Rethinking the political workings of habit and habituation, this paper suggests, is vital to understanding the logics and possibilities of social change today. Any endeavour to explore habit’s affirmative potential, however, must confront its legacies as a colonialist, imperialist and capitalist technology. As a means to explore what it is that differentiates contemporary neoliberal modes of governing through habit from more critical approaches, this article compares contemporary ‘nudge’ theory and policy, as espoused by the behavioural economist Richard Thaler and the legal scholar Cass Sunstein, with the pragmatist philosophies of habit offered by John Dewey, William James and Shannon Sullivan.
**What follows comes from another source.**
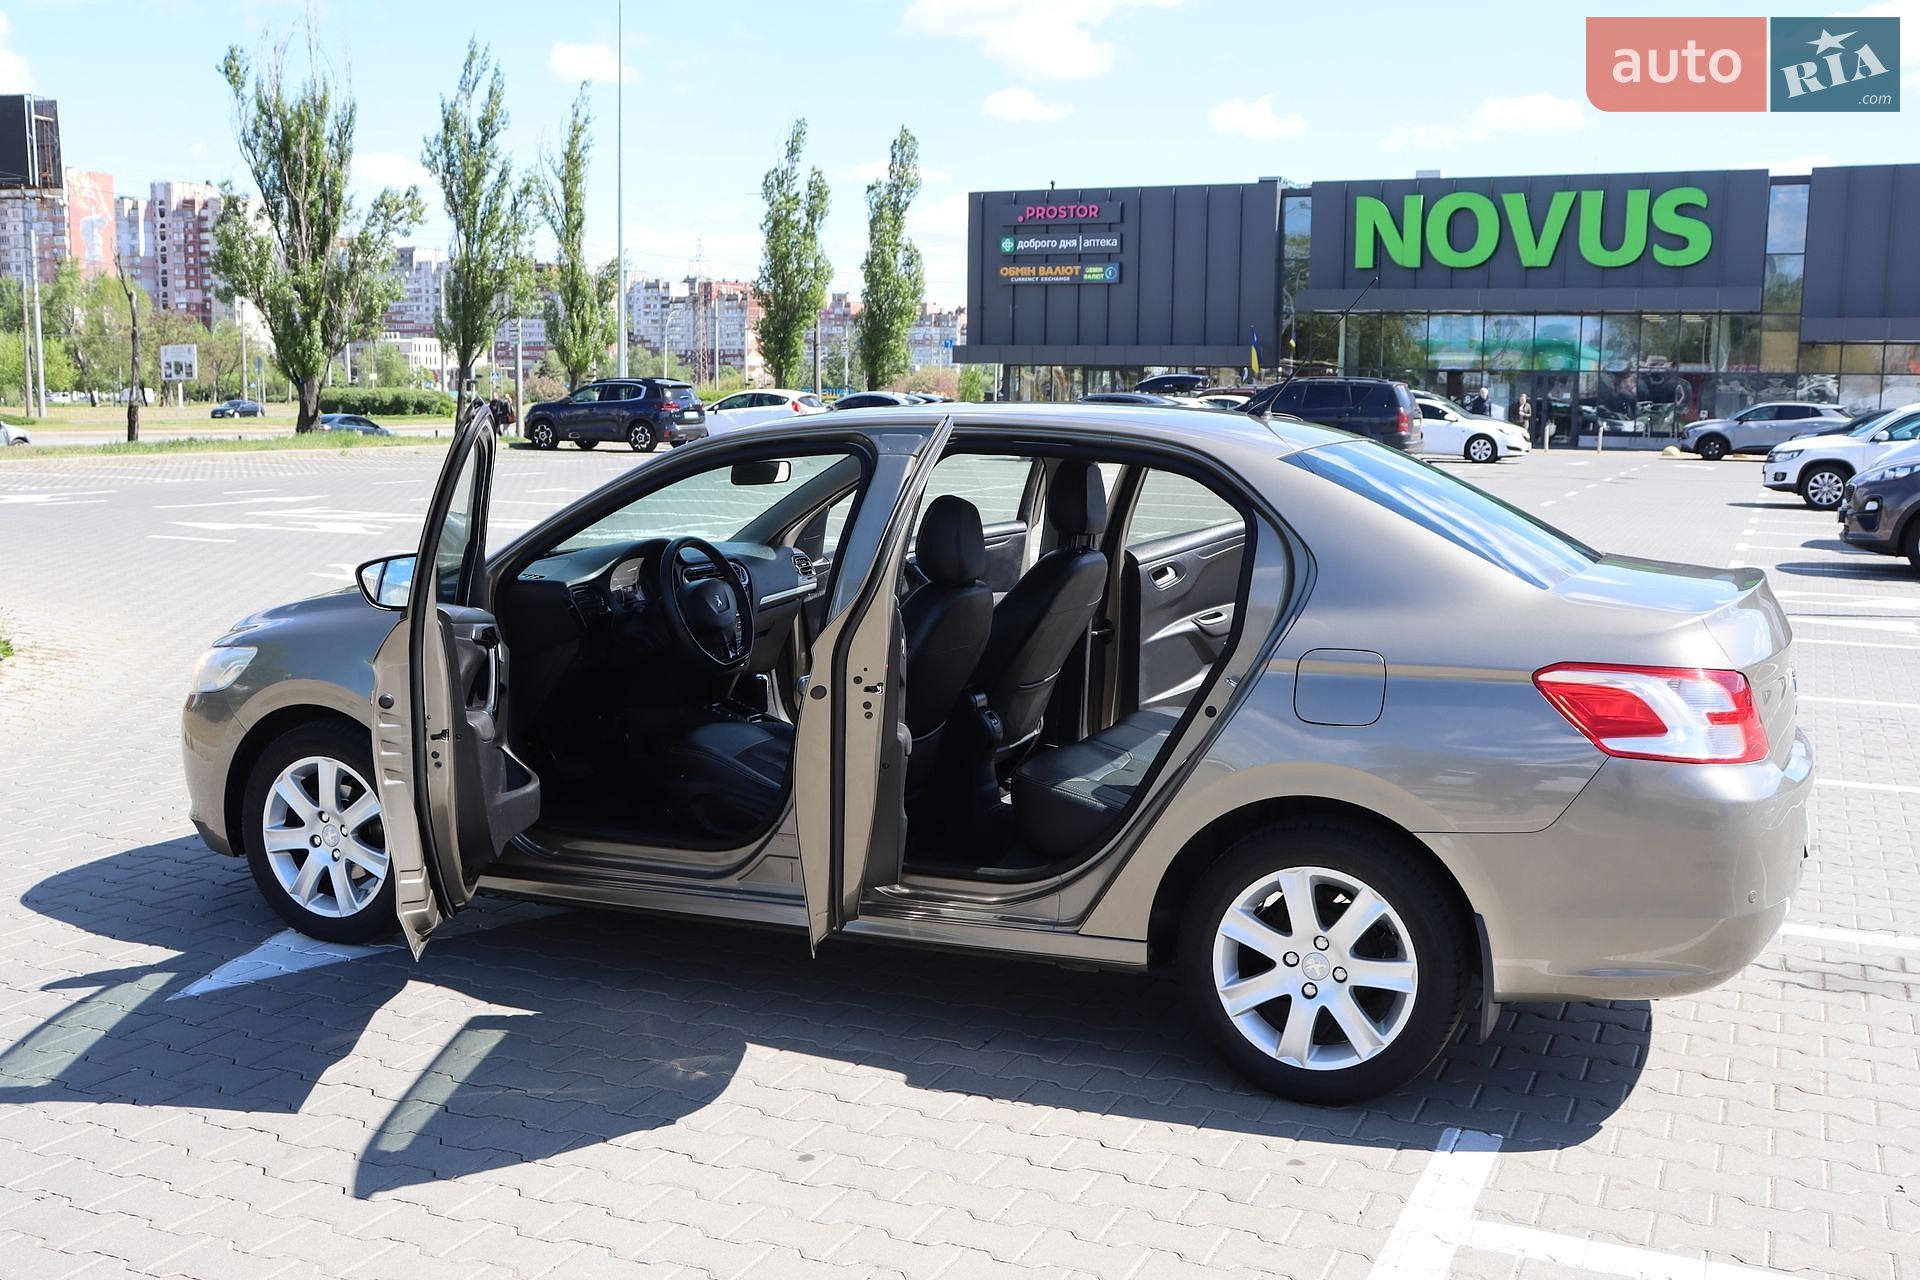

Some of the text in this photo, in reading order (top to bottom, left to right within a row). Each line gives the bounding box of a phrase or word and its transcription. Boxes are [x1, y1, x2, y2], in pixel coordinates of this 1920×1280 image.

While nudge advocates focus on how policymakers and corporate leaders can intervene in the ‘choice architectures’ that surround us to outsmart or bypass problematic human tendencies, I argue, pragmatist philosophers appreciate the necessity of collective efforts to develop new and flexible forms of habituation in order to engender more enduring and democratic forms of social transformation.

Item Type: Article
Uncontrolled keywords: Habit; John Dewey; neoliberalism; nudge theory and policy; social change; speculative pragmatism
Subjects: H Social Sciences > HM Sociology
Divisions: Faculties > Social Sciences > School of Social Policy Sociology and Social Research
Faculties > Social Sciences > School of Social Policy Sociology and Social Research > Sociology
Depositing User: Carolyn Pedwell
Date Deposited: 08 Sep 2017 13:58 UTC
Last Modified: 12 Sep 2017 11:15 UTC
Resource URI: https://kar.kent.ac.uk/id/eprint/63329 (The current URI for this page, for reference purposes)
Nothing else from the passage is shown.